Recensione: I signori delle balene è il primo libro di una saga fantasy piratesca, edita da LaPiccolaVolante. Questo volume, insieme al secondo della saga- La foglia nera– stava in libreria già da un po’, ma non avendo mai letto niente di questo genere non ero convinta di iniziare la lettura. Ora, appena terminato il primo libro, mi chiedo perché ho aspettato così tanto! Ebbene sì, ho letteralmente adorato  I signori delle balene.

La storia, o meglio, la leggenda narrata è quella del Capitano Fryg Blue e della sua ciurma.
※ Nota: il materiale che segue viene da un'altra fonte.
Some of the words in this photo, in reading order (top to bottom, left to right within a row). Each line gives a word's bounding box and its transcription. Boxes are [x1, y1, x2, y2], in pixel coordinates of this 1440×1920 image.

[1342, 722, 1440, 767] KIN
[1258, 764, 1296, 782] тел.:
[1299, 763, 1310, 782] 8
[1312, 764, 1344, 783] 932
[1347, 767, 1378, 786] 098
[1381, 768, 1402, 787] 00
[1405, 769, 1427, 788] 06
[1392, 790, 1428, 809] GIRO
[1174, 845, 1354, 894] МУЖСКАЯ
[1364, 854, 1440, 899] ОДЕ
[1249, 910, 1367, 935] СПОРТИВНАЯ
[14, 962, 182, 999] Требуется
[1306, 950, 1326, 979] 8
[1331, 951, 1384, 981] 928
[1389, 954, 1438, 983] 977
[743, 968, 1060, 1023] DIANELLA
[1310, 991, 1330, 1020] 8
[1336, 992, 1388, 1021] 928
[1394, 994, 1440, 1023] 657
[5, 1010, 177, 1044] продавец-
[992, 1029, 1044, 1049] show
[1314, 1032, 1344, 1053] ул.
«Sapete come nascono le leggende?» chiede il vecchio pirata al pubblico di giovani ascoltatori. «Le leggende nascono con le storie! Io ne sto giusto creando una raccontandovi tutto questo, ragazzi. Quando le persone iniziano a parlare di te e di tutto quello che hai fatto, nel bene e nel male, allora inizia la tua leggenda.»
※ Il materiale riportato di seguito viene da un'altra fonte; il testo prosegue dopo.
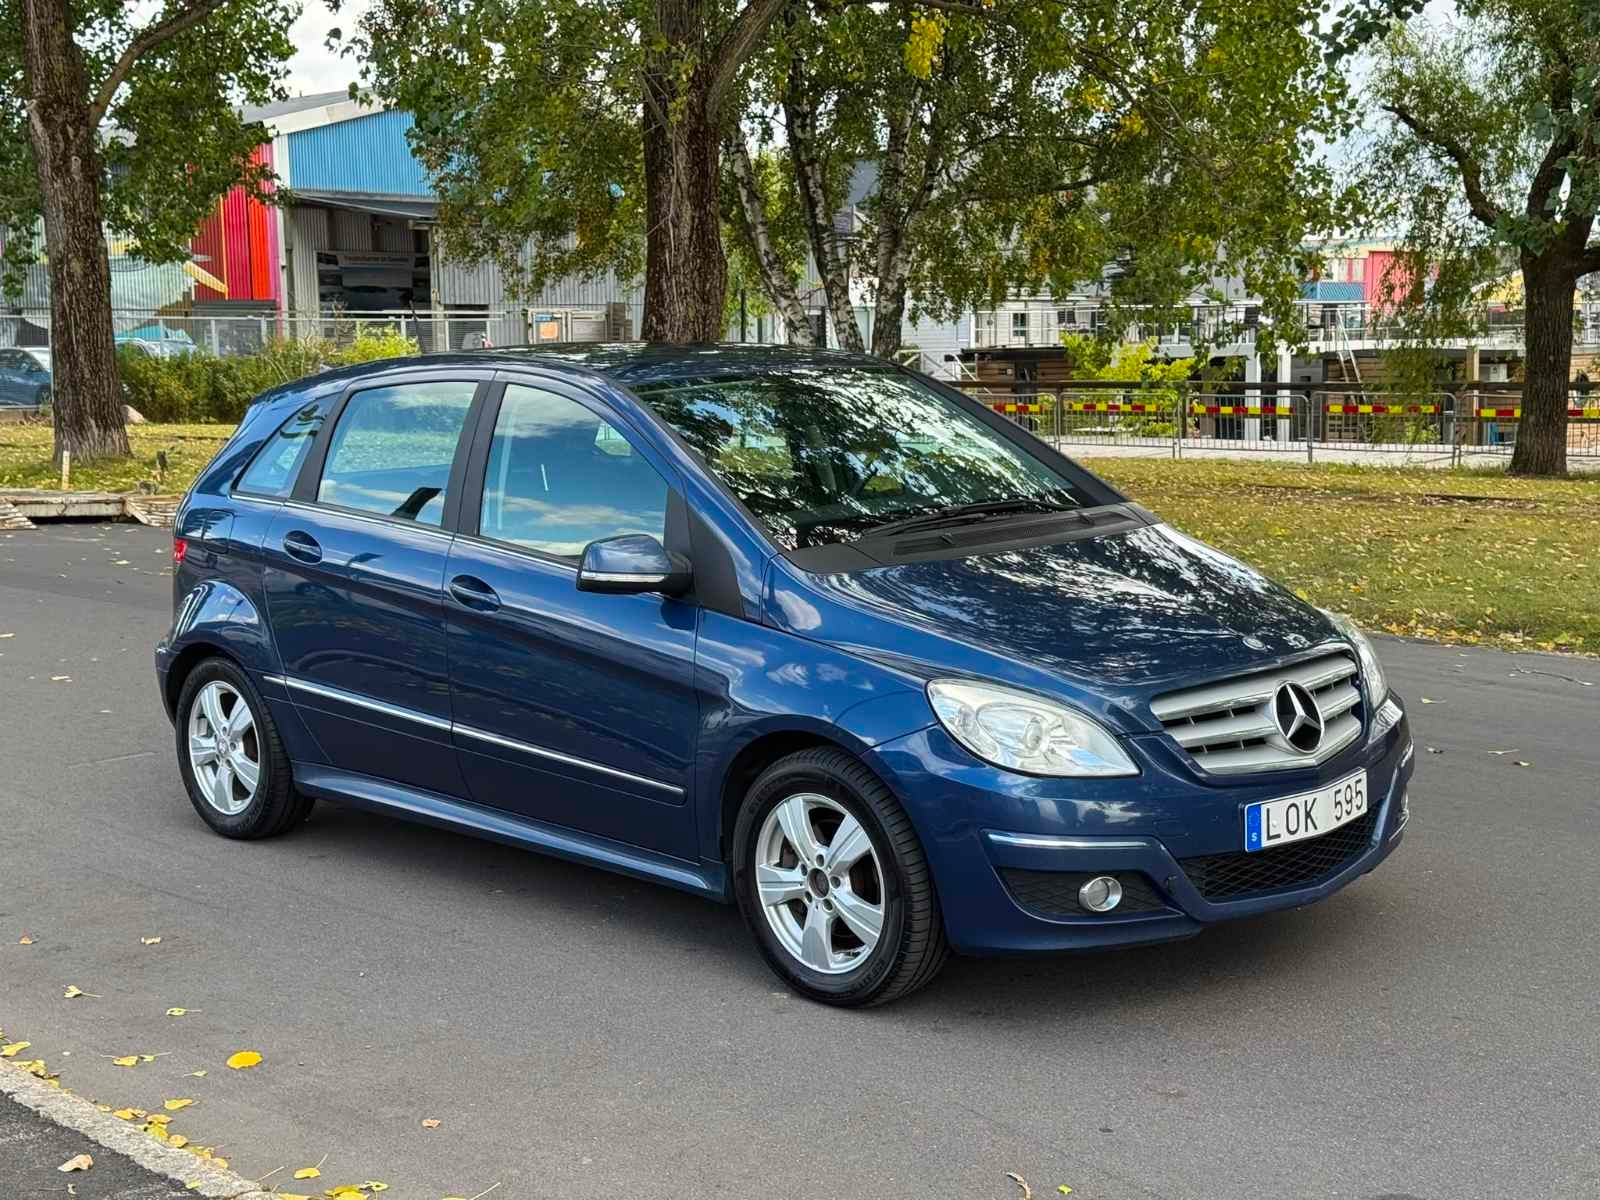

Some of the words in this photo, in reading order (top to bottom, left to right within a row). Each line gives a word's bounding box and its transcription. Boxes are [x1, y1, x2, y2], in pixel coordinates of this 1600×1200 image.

[1266, 798, 1318, 841] LOK
[1334, 778, 1364, 822] 595
[1251, 832, 1258, 842] S
La ciurma è composta da Olloc, fratello maggiore del capitano, nonché suo vice, Will il mozzo, Finn, Erad, Jane, Mar e Bart. Ogni personaggio ha una sua storia personale che lo ha portato a unirsi alla ciurma di Fryg e che viene spiegata all’inizio del libro attraverso dei flashback. Grazie alla descrizione impeccabile di tutti i personaggi, l’autore riesce a farli sembrare vivi creando così un legame col lettore. Nonostante abbia amato tutti  i personaggi, il mio preferito è Bart il Pazzo, l’ubriacone della ciurma, la cui storia passata è davvero strappalacrime! O almeno così è stato per me. Bart, imbarcato clandestinamente dalla sua famiglia per fuggire alla guerra che dilania il suo Paese natale, alla fine del suo viaggio giunge a Graner, dove troverà lavoro come cuoco alla “Taverna della Fenice”. L’intento di Bart è quello di aiutare il suo gruppo, i cosiddetti “Bambini Abbandonati”, orfani che vivono per strada e che per mettere qualcosa sotto i denti si danno a prostituzione e furti. Bart è il loro capo e il lavoro alla locanda serve a sfamare il suo piccolo esercito. Quando però viene scoperto a rubare dal capo, Bart preso dal panico lo accoltella e si trova costretto a scappare. La sua vita cambia ed entra a far parte della ciurma del Capitano Fryg Blue in qualità di cuoco.

La storia scorre velocemente tra sbalzi temporali e colpi di scena che trasportano il lettore fino a una battaglia finale senza esclusione di colpi e a un epilogo davvero inaspettato! Un libro assolutamente consigliato per gli amanti del genere, ma soprattutto per chi ha intenzione di immergersi completamente in un mondo fatto di pirati, sirene, odore di mare e battaglie cruente. Buona lettura, pirati.

Tratto dal libro: “Sangue. Questa volta era quello giusto? Il sangue versato non è mai quello giusto.È quello del più debole. Di quello che, alla fine, muore.”